Kubernetes Network Policy Issue

Hi all!
I am playing with CKS simulator from killer.sh and found a strange issue with network policies.
There are 3 pods running in a namespace which must NOT be able to access the metadata server available at 192.168.100.21 IP.
The manifest file from the solution:

apiVersion: networking.k8s.io/v1
kind: NetworkPolicy
metadata:
  name: metadata-deny
  namespace: metadata-access
spec:
  podSelector: {}
  policyTypes:
  - Egress
  egress:
  - to:
    - ipBlock:
        cidr: 0.0.0.0/0
        except:
        - 192.168.100.21/32

But the pods are still able to access the metadata server.
The cluster is running on kubernetes version 1.30.1 and Weave CNI.
P.S. I reproduced this on my home lab cluster running on Canal CNI and on KodeKloud playground running on Calico CNI.
Any idea what could be the issue? (edited)

That looks like a correct policy for the specification. If That IP was accessible even with the netpol in place, then it suggests an issue with the CNI.

Thank you for your answer. I am wondering how can I debug the issue inside the CNI?
I encountered this issue across 3 different clusters with different CNI: Canal, Calico and Weave.

What you are describing is very similar to NetworkPolicy Metadata Protection | Killer Shell CKS | Killercoda (also by the people that make killer.sh).

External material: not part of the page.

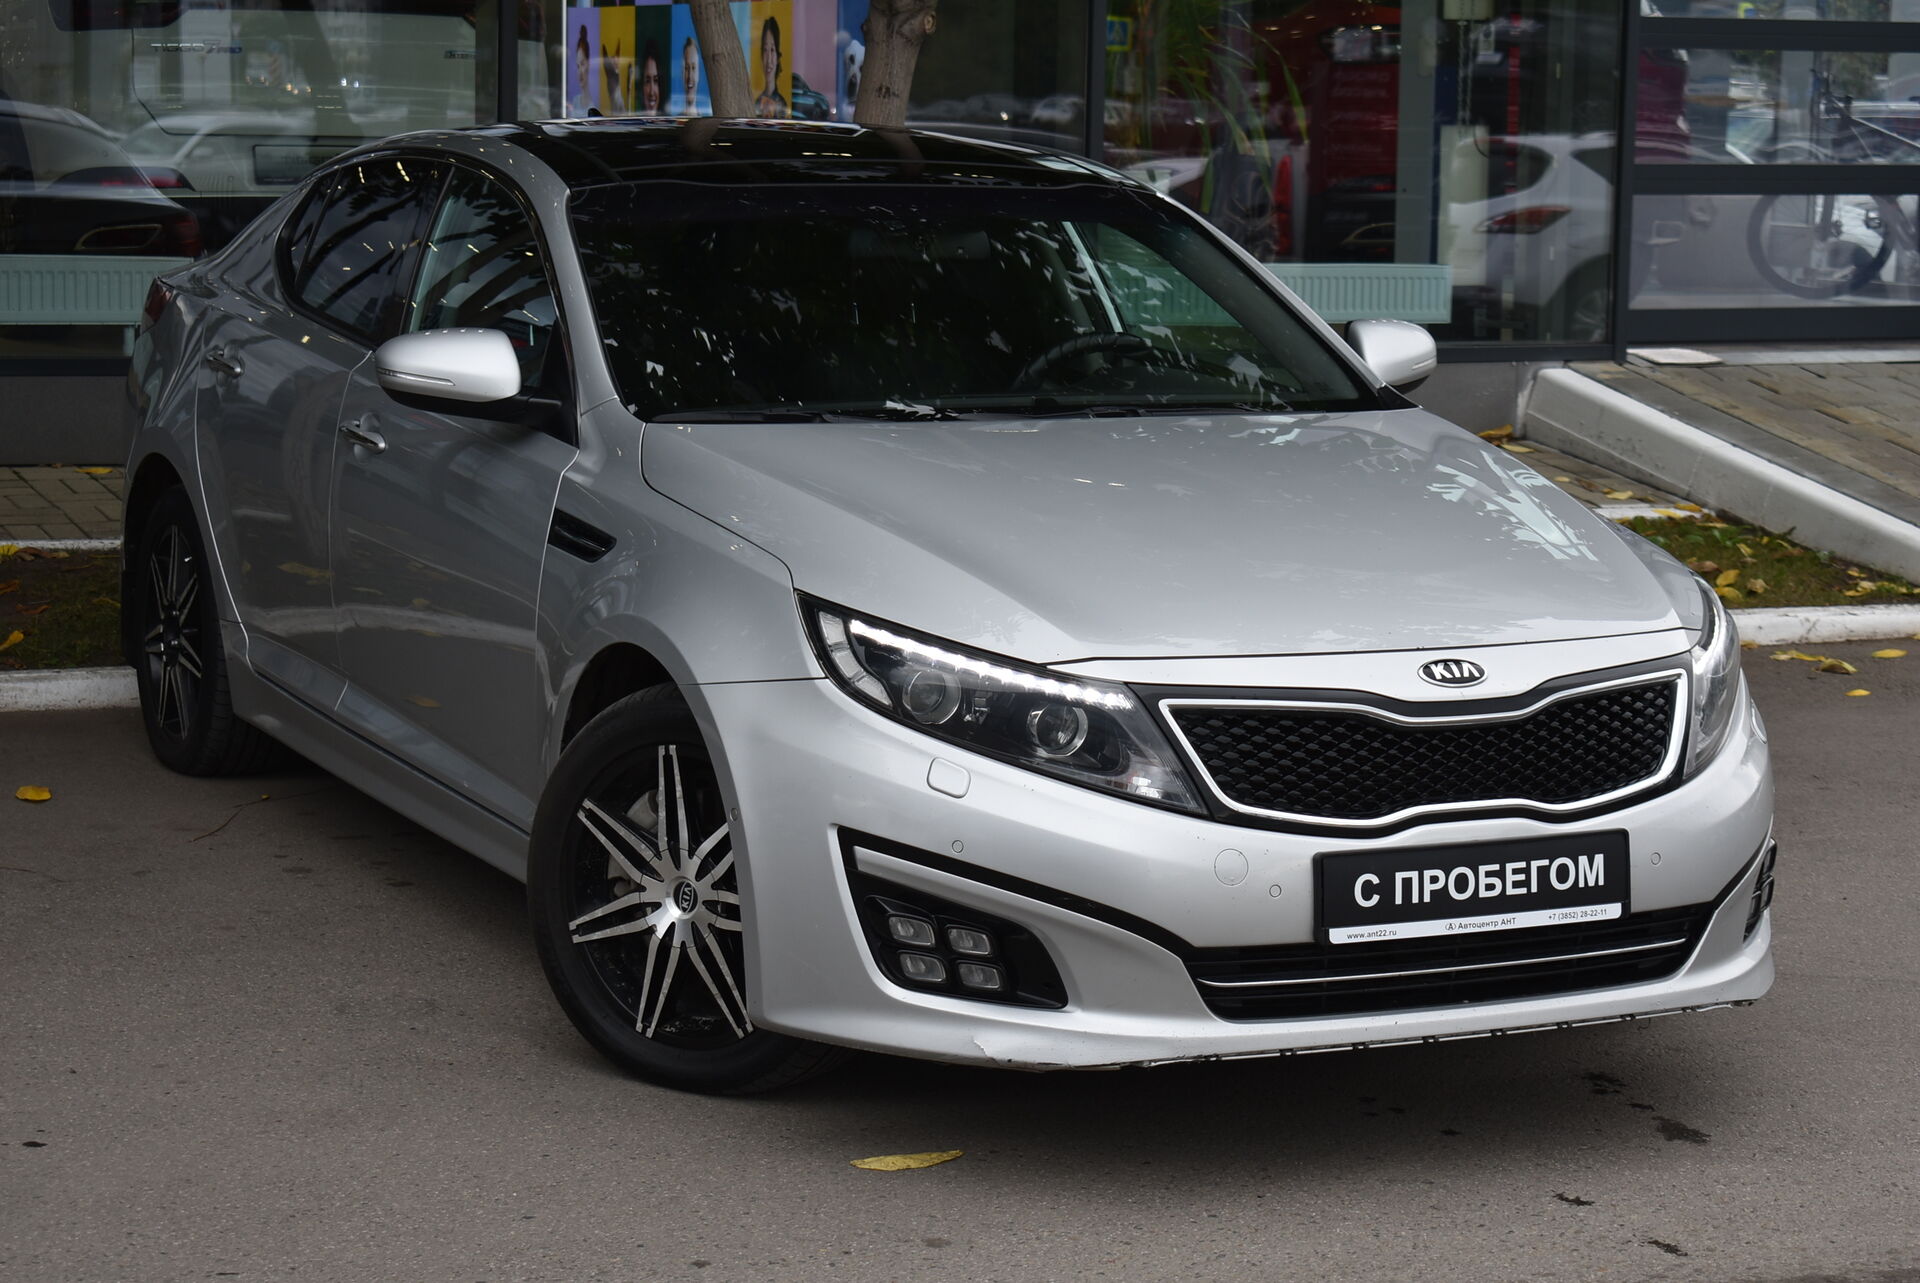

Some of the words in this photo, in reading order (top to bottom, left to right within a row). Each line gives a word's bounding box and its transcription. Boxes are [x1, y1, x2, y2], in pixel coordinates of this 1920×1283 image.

The only difference with this one is that it applies to some rather than all pods.

See how this is verified and ensure you are doing similar on your own clusters. More detail on your own setup would help.

Thanks to good guy Rafael Ascensão from Killer.sh Slack I found why it is not working. Apparently the ipBlock directive is oriented to resources OUTSIDE the cluster. So using an IP from outside made it work properly. Thus according to above I am wondering how is it possible to implement network policies for resources living in the cluster or the nodes by IP? Is this even supported currently?

It wouldn’t be because IPs within the cluster are always changing. The nature of clusters is that pods are disposable, and they will 99.9% of the time restart with a different IP. That’s why you use selectors.

Sorry I didn’t think to ask if your test scenario in your own clusters was using a pod to simulate the metadata resource.